Is that the God of whom Jesus taught that he makes his rain to fall upon the just and the unjust, that he causes his sun to shine on the evil and on the good? The shepherd who leaves the ninety and nine and goes in search of one who has strayed? The father who neglects the son who has stayed at home in order to watch for the return of a prodigal one who deliberately walked away? The God who loves not only the sinners but this imperfect world, sending his own son, as the fourth Gospel tells us, not to condemn the world, but that the world through him might be saved?

Would you deliberately infect your neighbors with deadly pestilence? Would you starve or kill them? Surely not. Then are your goodness and compassion greater than God’s? Jesus taught that we should love our enemies and forgive those who persecute us unjustly. Would God do less? We are to be "perfect" in direct imitation of God’s perfection. Jesus said, "If you, being evil, know how to give good things to your children, how much more shall God give good things to those that ask him?" The difference between ourselves and God, Jesus tells us, is that God is not less loving, but more loving; not less forgiving, but more forgiving; not less persistent in seeking the good of all, including his enemies, but more persistent; not less willing to give good things to the undeserving, but more willing.

I, for one, cannot believe in the God whom Jesus reveals and at the same time believe that he would deliberately visit upon the world a tribulation worse than all of the death camps of Germany and Russia, and all of the unremitting torture of Latin American regimes, and all of the diseases and natural disasters which have ever occurred, and all of the nuclear arsenals set off at once -- all at one time. Surely that makes a mockery of saying that God is love!

In biblical times, the Jews expected a messiah who would come with flaming sword, conquering and to conquer, calling down the hosts of heaven to destroy all who did not bear the mark of God’s elect, thereby purifying and clearing the earth for God’s Kingdom. Jesus faced the temptation to be that kind of messiah, but he believed that the temptation came from the devil, and he turned his back decisively on it. Because of his refusal of power, he was misunderstood by his Jewish-Christian disciples and rejected by the public at large, once events beyond Palm Sunday began to unfold. He said that he had come not to destroy sinners but to seek and to save that which was lost; not to cause suffering but to heal the sufferers; not to establish an earthly kingdom but to confirm a spiritual one; not to perpetrate a violent triumph by taking the lives of others but to win through his own suffering and death -- and by that unearthly means to set loose the power of salvation in the world.

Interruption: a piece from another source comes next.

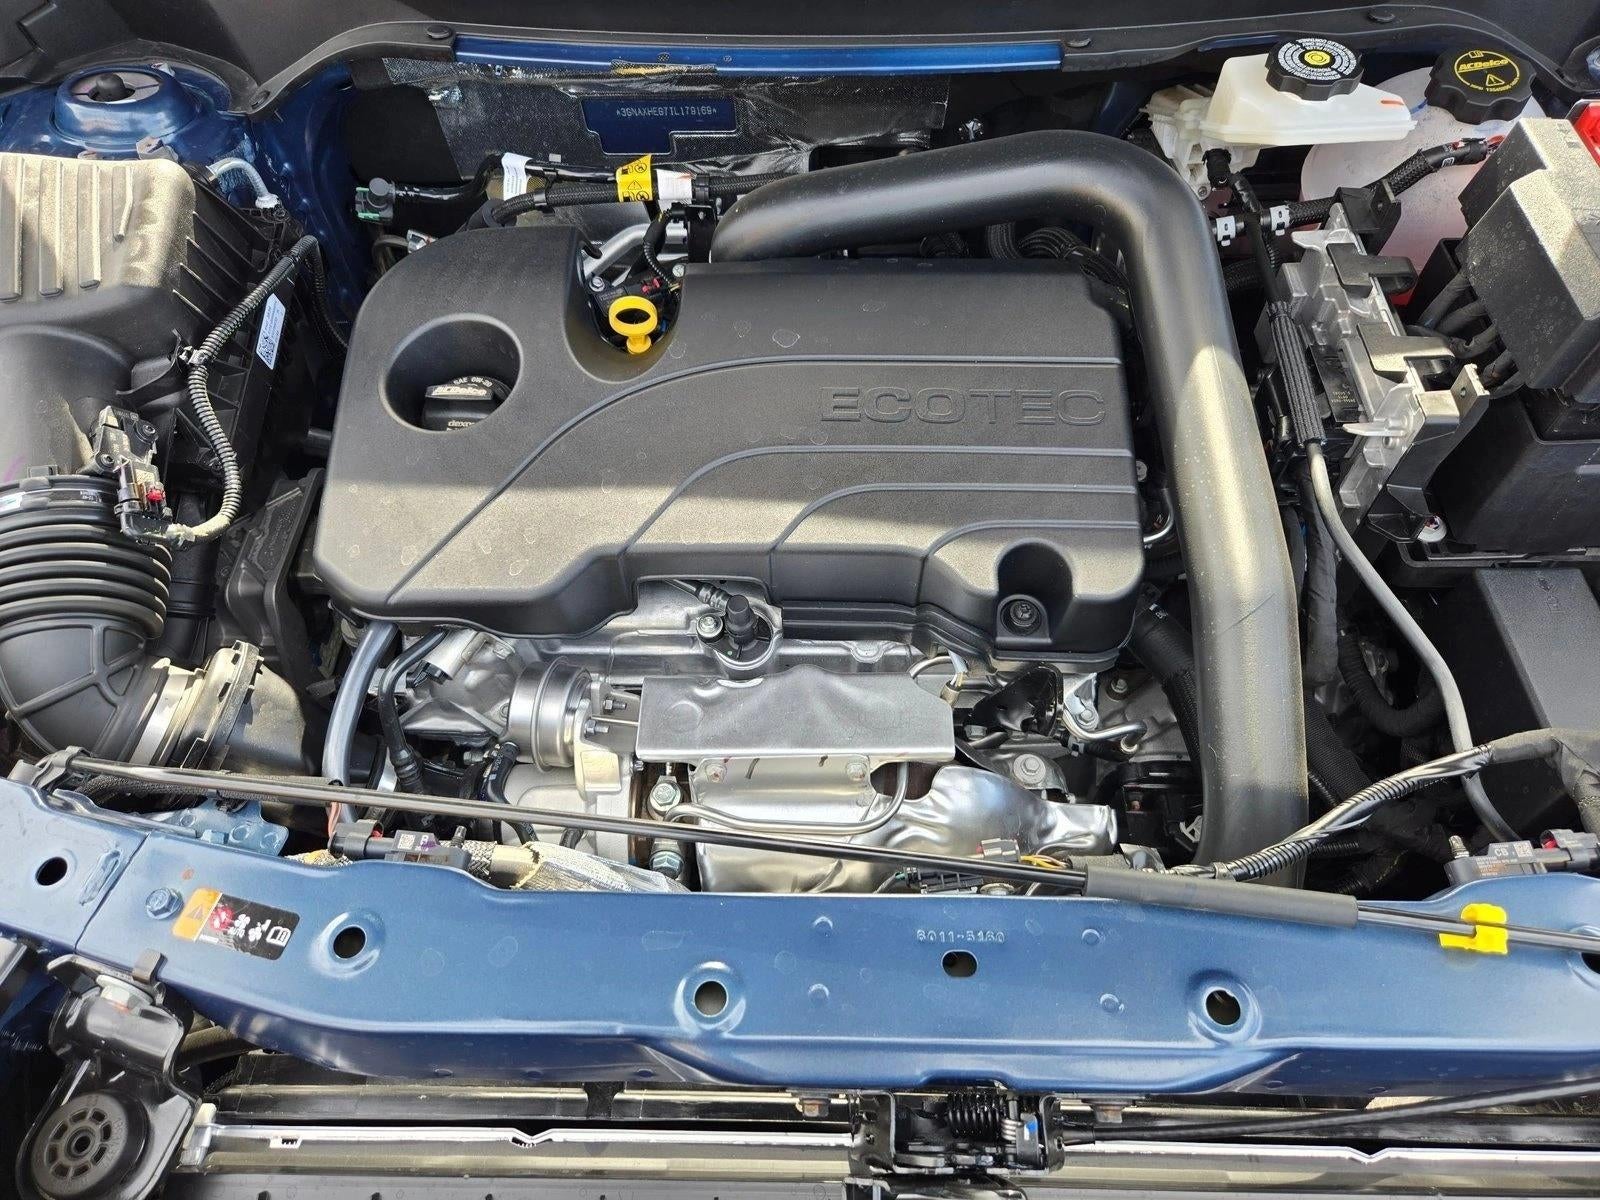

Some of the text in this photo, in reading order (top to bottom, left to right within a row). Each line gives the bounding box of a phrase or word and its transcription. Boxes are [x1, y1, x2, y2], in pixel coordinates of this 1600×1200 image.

[1458, 59, 1509, 71] ACDelco
[453, 376, 493, 388] SAE 0W-20
[431, 385, 488, 396] ACDelco
[819, 386, 1107, 426] ECOTEC

When asked some years ago by a college student, "Is there a hell?" Baptist teacher Gordon Poteat said -- after a thoughtful silence -- "If there is a hell, Jesus is in it." The New Testament leads us to expect Jesus to be actively at work in the place of greatest human need.

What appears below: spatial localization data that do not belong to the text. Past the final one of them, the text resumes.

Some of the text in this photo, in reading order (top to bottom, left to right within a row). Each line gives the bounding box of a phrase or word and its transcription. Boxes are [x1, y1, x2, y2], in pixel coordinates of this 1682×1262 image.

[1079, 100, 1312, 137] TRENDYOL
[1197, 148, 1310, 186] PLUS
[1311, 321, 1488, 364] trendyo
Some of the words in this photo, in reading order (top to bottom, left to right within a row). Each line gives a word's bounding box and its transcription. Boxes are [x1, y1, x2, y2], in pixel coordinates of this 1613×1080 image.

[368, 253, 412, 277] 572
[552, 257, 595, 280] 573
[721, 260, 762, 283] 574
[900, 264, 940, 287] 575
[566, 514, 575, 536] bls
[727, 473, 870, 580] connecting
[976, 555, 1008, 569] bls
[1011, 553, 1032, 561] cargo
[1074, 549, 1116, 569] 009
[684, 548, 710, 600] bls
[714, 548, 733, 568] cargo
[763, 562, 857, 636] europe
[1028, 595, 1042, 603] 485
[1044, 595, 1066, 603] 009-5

Satan would host a holocaust. Jesus would not.

Well, that attitude simply won’t do. It is, in fact, evidence of unbelief. To be a Christian surely means to live in the confidence that God has already intervened decisively in history, setting loose in the life and death and resurrection of Jesus Christ all of the transforming power the world needs. To be a Christian means to conform my life actively and responsibly to that power, and to let it do its transforming work through me.

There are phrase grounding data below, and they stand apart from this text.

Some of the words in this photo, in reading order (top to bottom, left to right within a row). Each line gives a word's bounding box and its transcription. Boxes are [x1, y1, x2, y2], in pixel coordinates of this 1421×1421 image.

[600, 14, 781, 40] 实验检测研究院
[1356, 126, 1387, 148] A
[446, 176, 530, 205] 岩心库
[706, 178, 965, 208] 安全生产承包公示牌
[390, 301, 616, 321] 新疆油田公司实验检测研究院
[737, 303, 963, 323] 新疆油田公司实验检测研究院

Perhaps the end of the world is near. I don’t know what foolish things people and nations will permit themselves to do in the near future, what compacts we will make with hell through the use of nuclear and biological weapons, what ecological disasters we will actively perpetrate or merely permit to happen or what unprecedented human tragedy we will willingly or witlessly sponsor. I only know that if there is a danger of the imminent destruction of the world, God’s hand is not in it. And if I am to be God’s man for this moment, it will be my obligation to work with him to see that it doesn’t happen.